Impact of the Judgment
The Supreme Court’s judgment in Tata Consultancy Services Limited vs. Vishal Ghisulal Jain, Resolution Professional, SK Wheels Private Limited has significant implications for the interpretation and application of the Insolvency and Bankruptcy Code, 2016, particularly concerning the jurisdiction of the NCLT in contractual disputes during the Corporate Insolvency Resolution Process (CIRP). The judgment has the following impacts:
- Clarification of NCLT’s Jurisdiction: The judgment clarifies that the NCLT’s residuary jurisdiction under Section 60(5)(c) of the IBC is limited to matters directly related to the insolvency resolution process and does not extend to all contractual disputes involving the Corporate Debtor. This will prevent the NCLT from interfering in contractual matters that are not directly linked to the insolvency proceedings.
- Protection of Contractual Rights: The judgment reinforces that contractual rights are not automatically overridden by the initiation of CIRP. It emphasizes that the NCLT cannot use its powers to prevent the termination of contracts when the termination is based on valid contractual breaches, and not the insolvency of the corporate debtor.
- Emphasis on Section 14 of the Specific Relief Act: The judgment highlights the importance of Section 14 of the Specific Relief Act, 1963, which states that a contract that is determinable in nature cannot be specifically enforced. This will prevent the NCLT from ordering specific performance of determinable contracts.
- Precedential Value: This judgment serves as a significant precedent for future cases involving contractual disputes during CIRP. It will guide the NCLT and NCLAT in determining the scope of their jurisdiction and will ensure that the IBC is interpreted and applied in a manner that is consistent with the principles of contract law and the Specific Relief Act.

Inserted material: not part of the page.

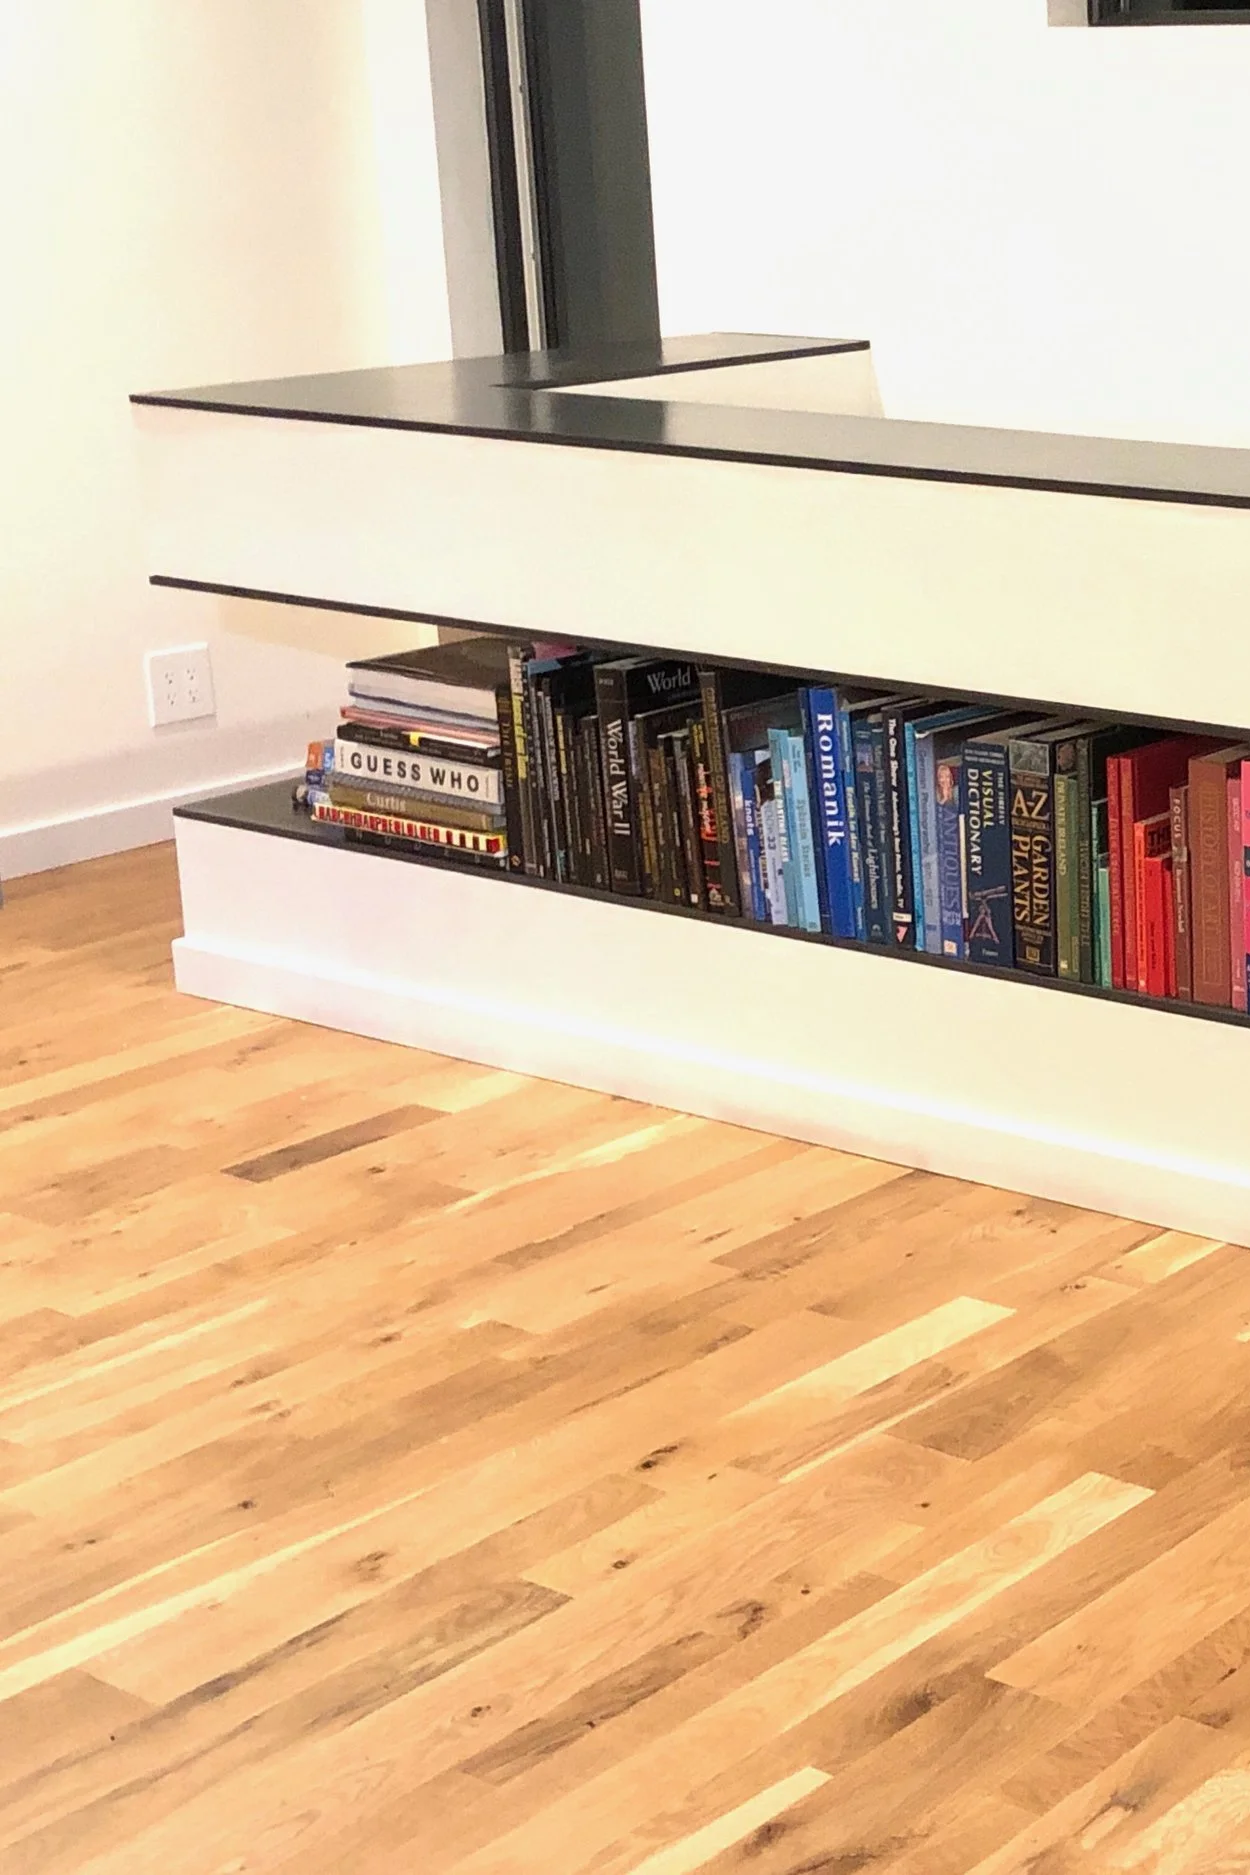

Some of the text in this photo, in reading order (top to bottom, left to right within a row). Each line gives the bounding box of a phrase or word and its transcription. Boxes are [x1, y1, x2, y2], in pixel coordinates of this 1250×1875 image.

- Balancing Interests: The judgment strikes a balance between the need to protect the Corporate Debtor as a going concern and the need to respect contractual rights. It clarifies that while the RP has a duty to preserve the Corporate Debtor as a going concern, this does not give the NCLT carte blanche to interfere in contractual matters that are not directly related to the insolvency of the Corporate Debtor.
- Guidance for Resolution Professionals: The judgment provides guidance to Resolution Professionals (RPs) on the extent of their powers and duties. It clarifies that the RP’s duty to preserve the Corporate Debtor as a going concern does not override contractual rights.
- Judicial Restraint: The Court emphasized that the NCLT and NCLAT should be wary of setting aside valid contractual terminations which would merely dilute the value of the corporate debtor, and not push it to its corporate death by virtue of it being the corporate debtor’s sole contract.
In summary, this judgment has a significant impact on the interpretation of the IBC and will ensure that the NCLT’s jurisdiction is exercised in a manner that is consistent with the principles of contract law and the Specific Relief Act.